Source records:
--------------------
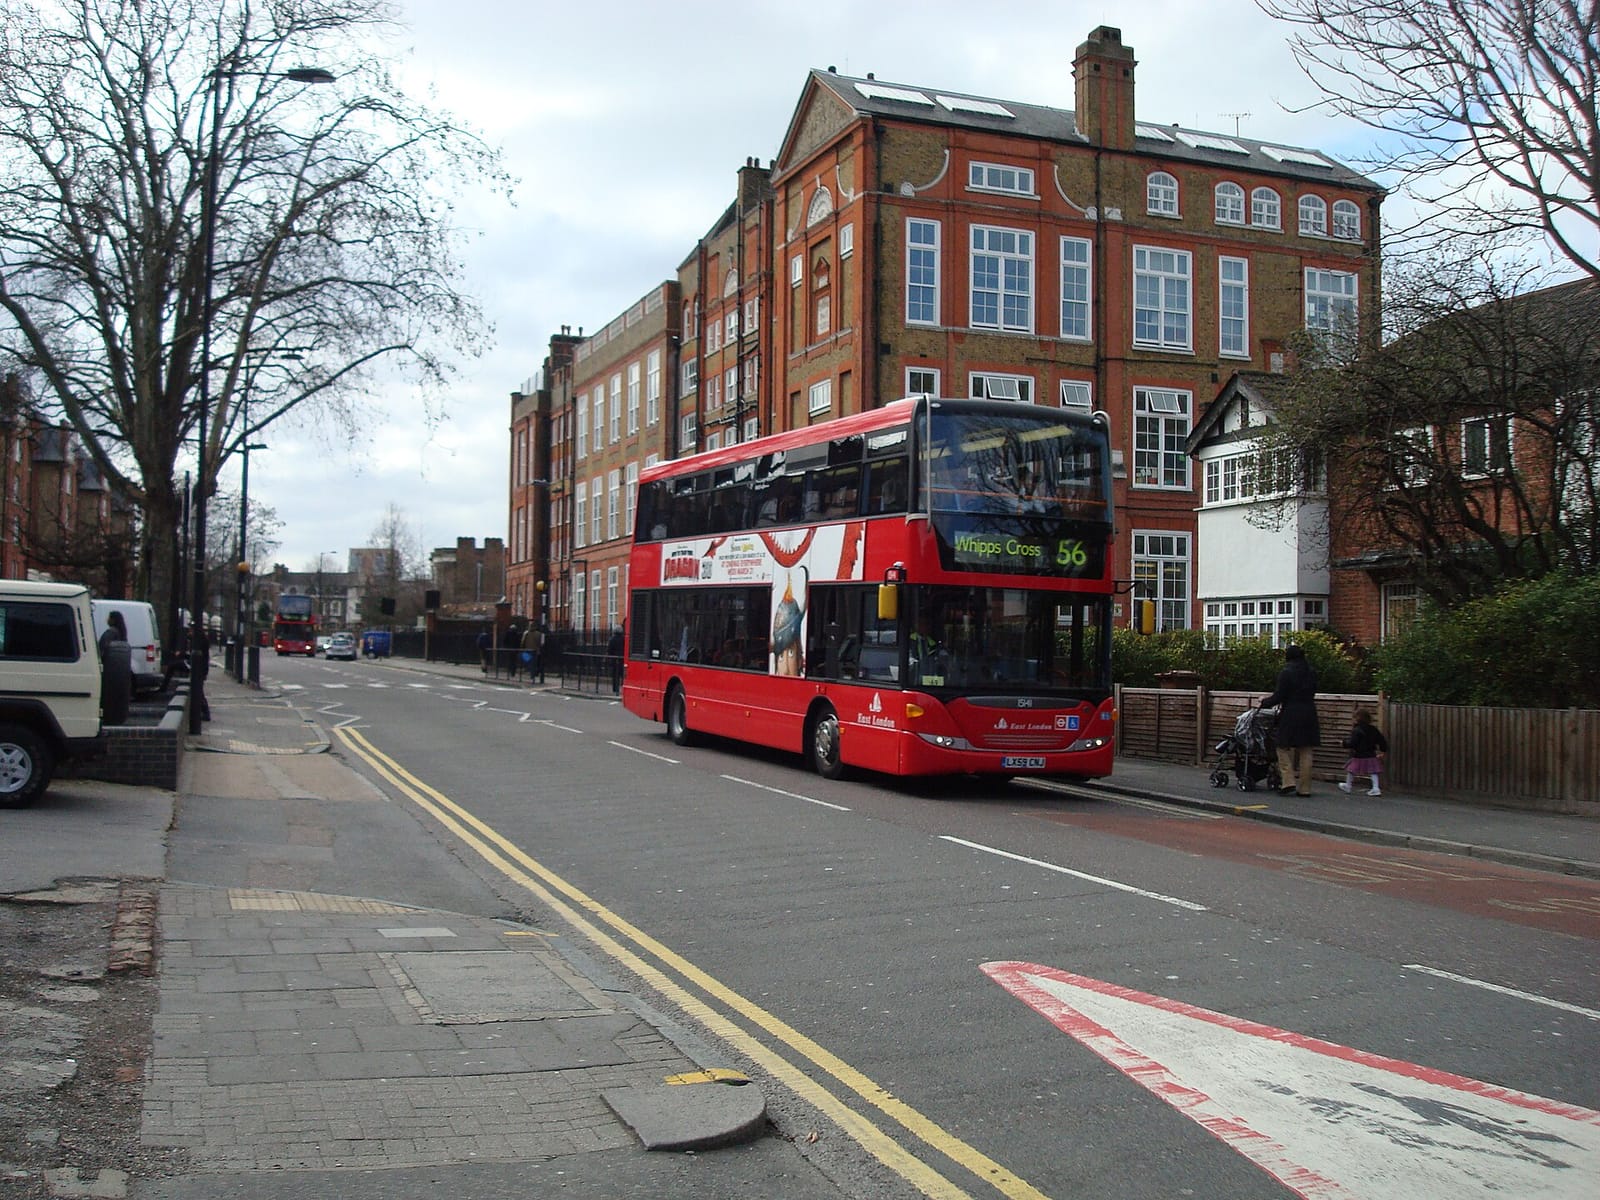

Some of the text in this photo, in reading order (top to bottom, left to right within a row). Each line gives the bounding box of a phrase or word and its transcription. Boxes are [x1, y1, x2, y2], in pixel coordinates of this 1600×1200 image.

[955, 536, 1042, 558] Whipps Cross
[1057, 539, 1087, 566] 56
[857, 712, 896, 728] East London
[1009, 722, 1053, 730] East London
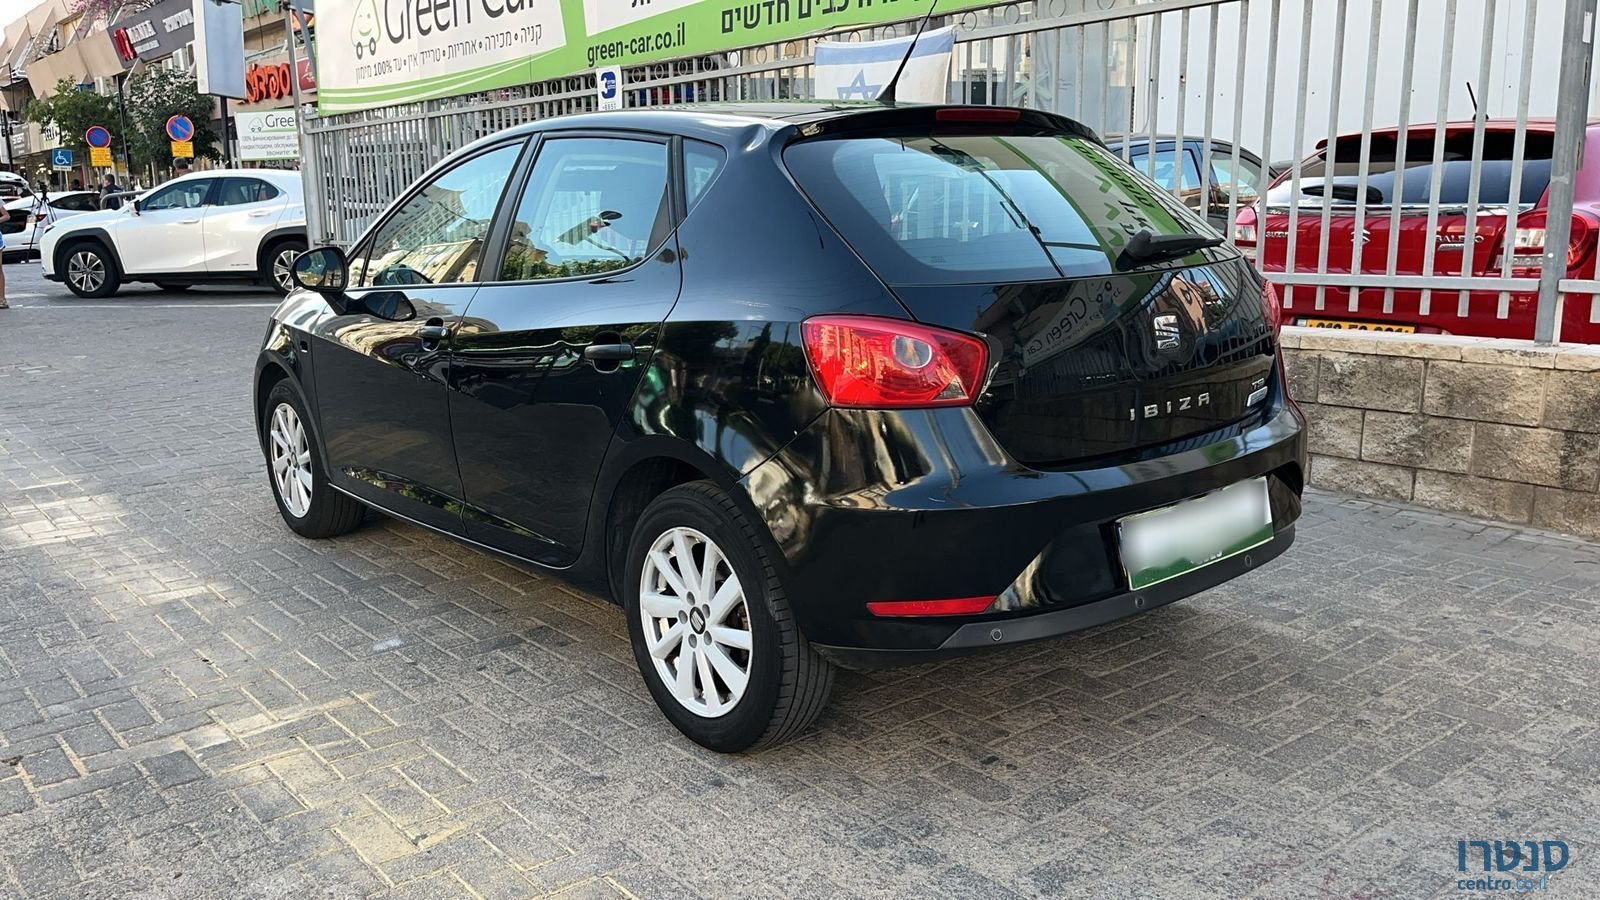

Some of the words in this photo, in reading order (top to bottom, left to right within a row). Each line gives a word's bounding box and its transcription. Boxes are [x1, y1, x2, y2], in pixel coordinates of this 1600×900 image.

[721, 0, 790, 34] חדשים
[485, 31, 512, 52] מכירה
[521, 24, 542, 45] קניה
[587, 22, 685, 68] green-car.co.il
[420, 47, 440, 65] טרייד
[448, 39, 477, 60] אחריות
[374, 60, 392, 77] 100%
[265, 114, 295, 128] Gree
[1435, 234, 1484, 243] BALEO
[1129, 392, 1210, 421] IBIZA
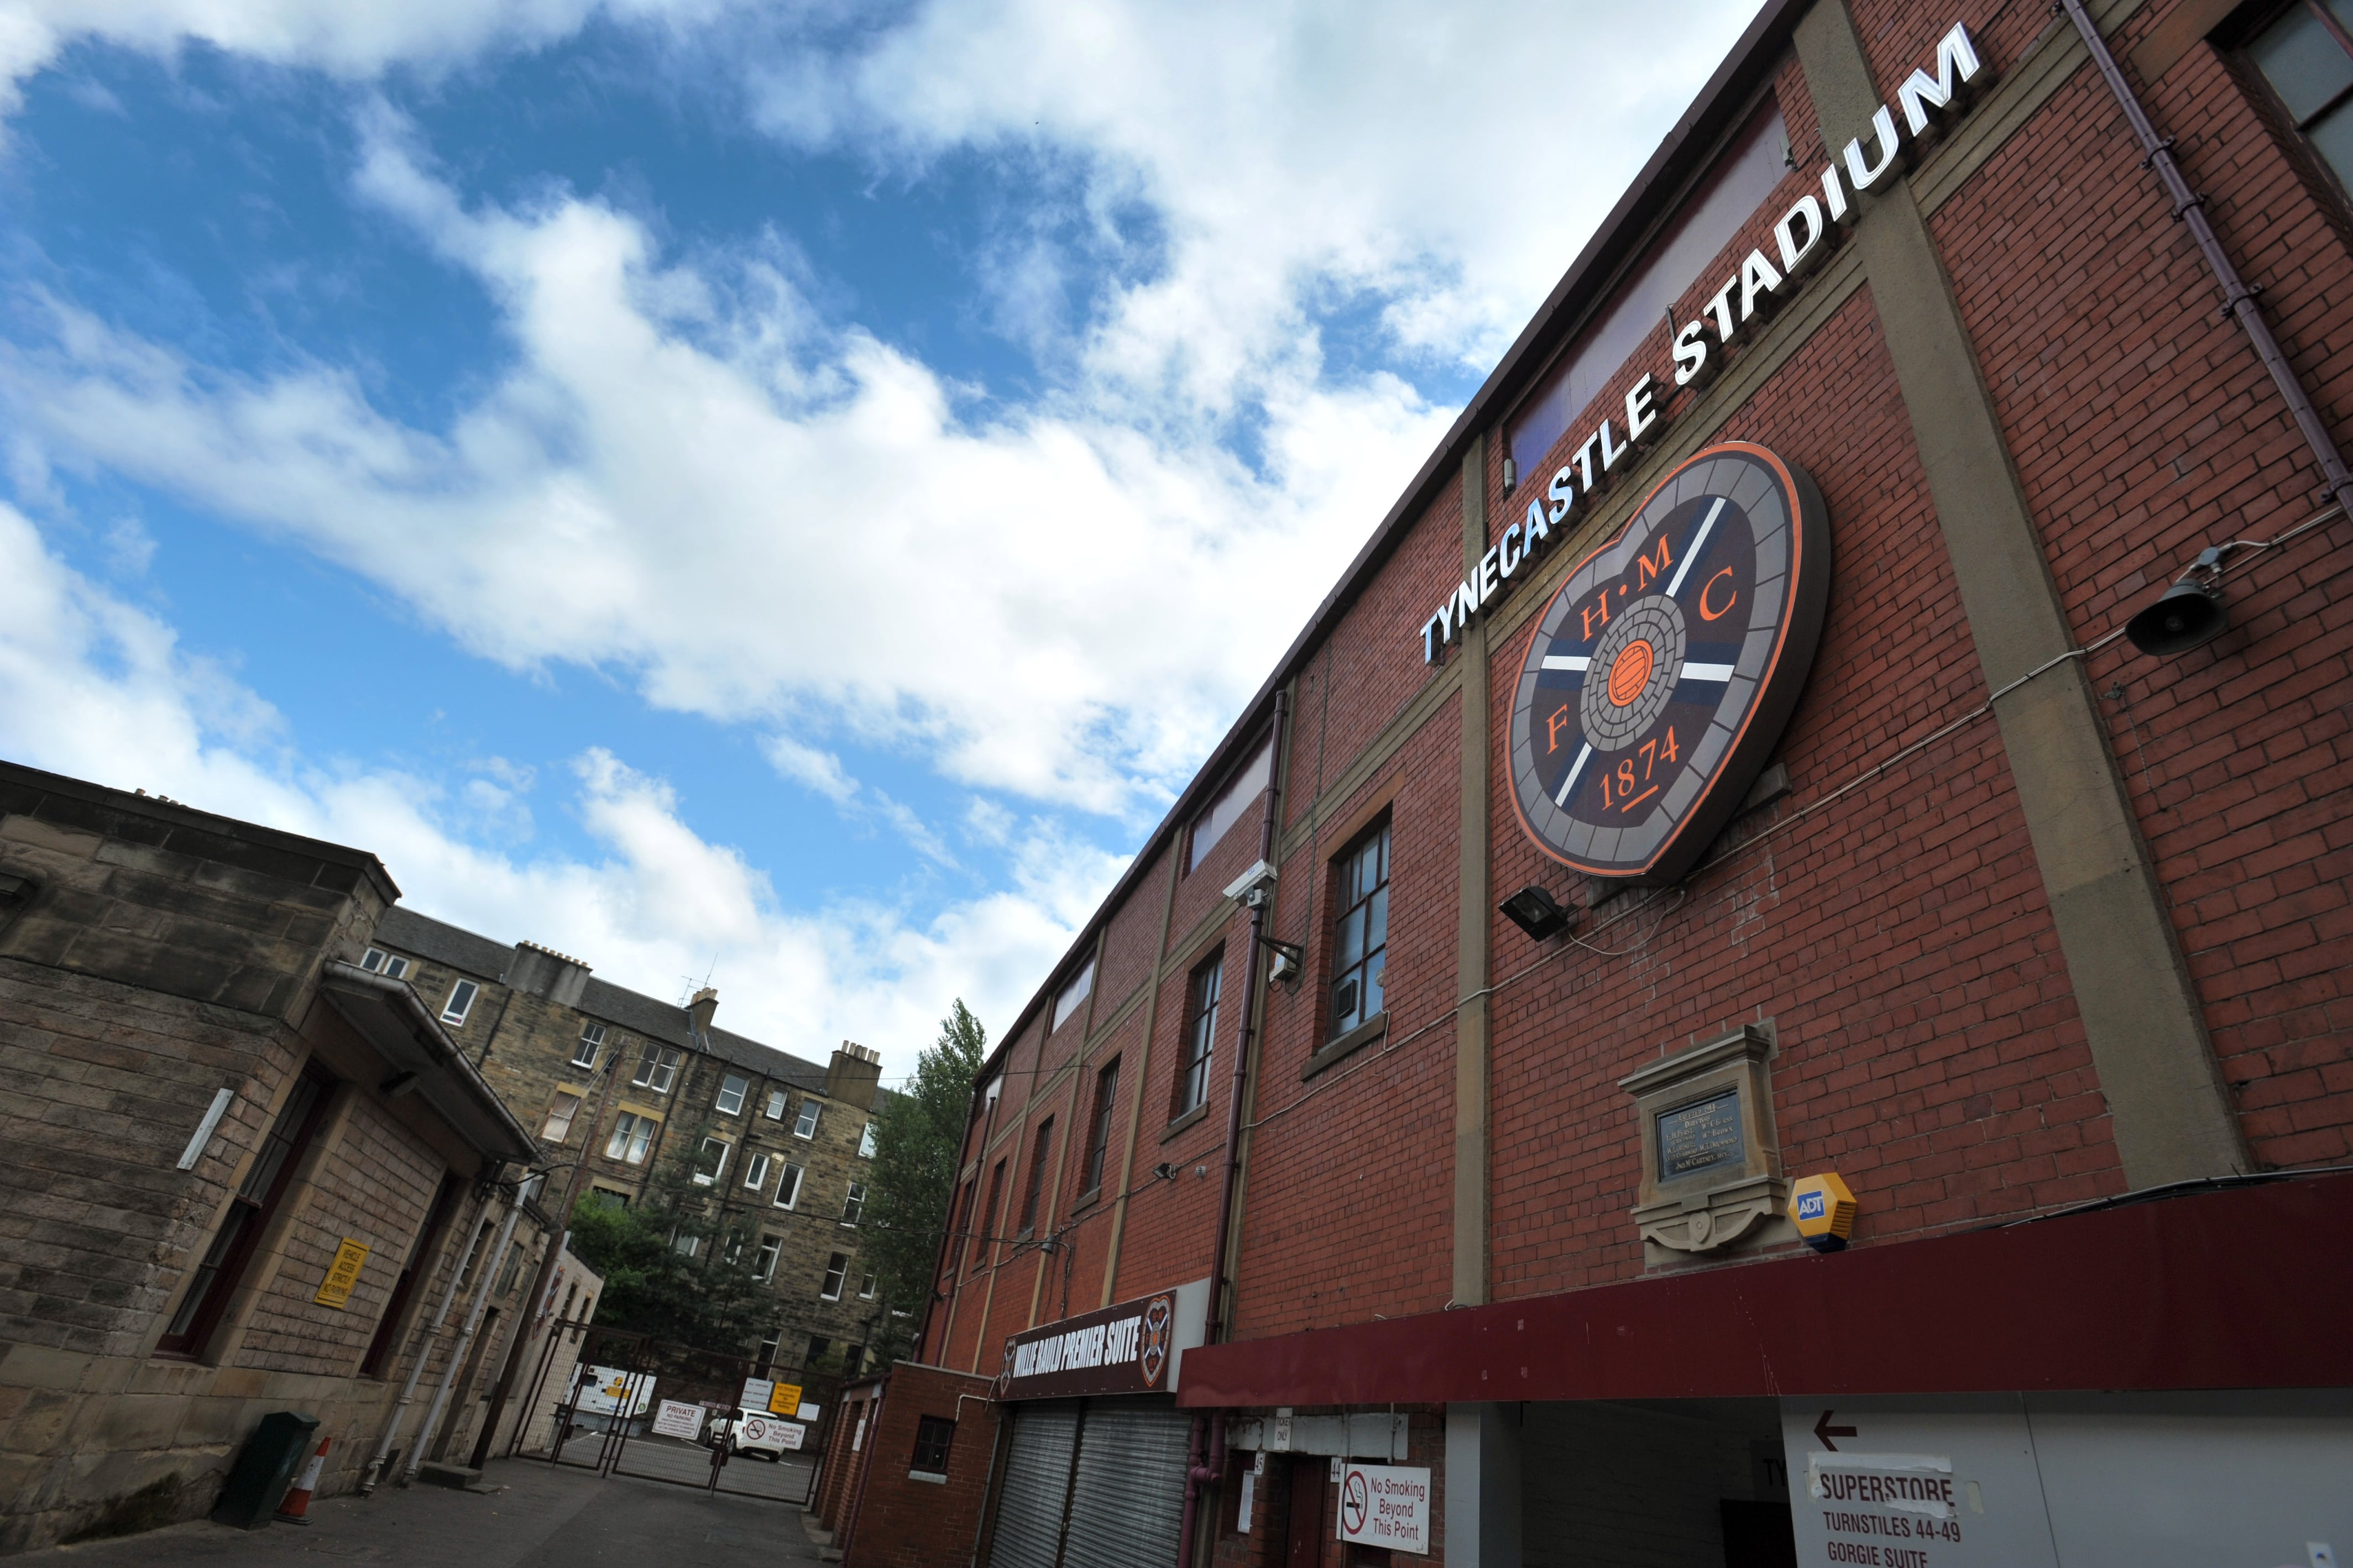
--------------------
_Exercise requirements_. From the first line to the last, repeat the records exactly. Leave out the pictures.

_Written answer_.
Some of the text in this photo, in reading order (top to bottom, left to right within a row). Each line gives the bounding box of a phrase or word and its transcription. Boxes are [x1, y1, x2, y2], in pixel coordinates of this 1600×1200 image.

[955, 536, 1042, 558] Whipps Cross
[1057, 539, 1087, 566] 56
[857, 712, 896, 728] East London
[1009, 722, 1053, 730] East London

Some of the words in this photo, in reading order (top to bottom, left to right within a row). Each line gives a word's bounding box and its transcription. Boxes are [x1, y1, x2, y2], in pixel coordinates of this 1600×900 image.

[721, 0, 790, 34] חדשים
[485, 31, 512, 52] מכירה
[521, 24, 542, 45] קניה
[587, 22, 685, 68] green-car.co.il
[420, 47, 440, 65] טרייד
[448, 39, 477, 60] אחריות
[374, 60, 392, 77] 100%
[265, 114, 295, 128] Gree
[1435, 234, 1484, 243] BALEO
[1129, 392, 1210, 421] IBIZA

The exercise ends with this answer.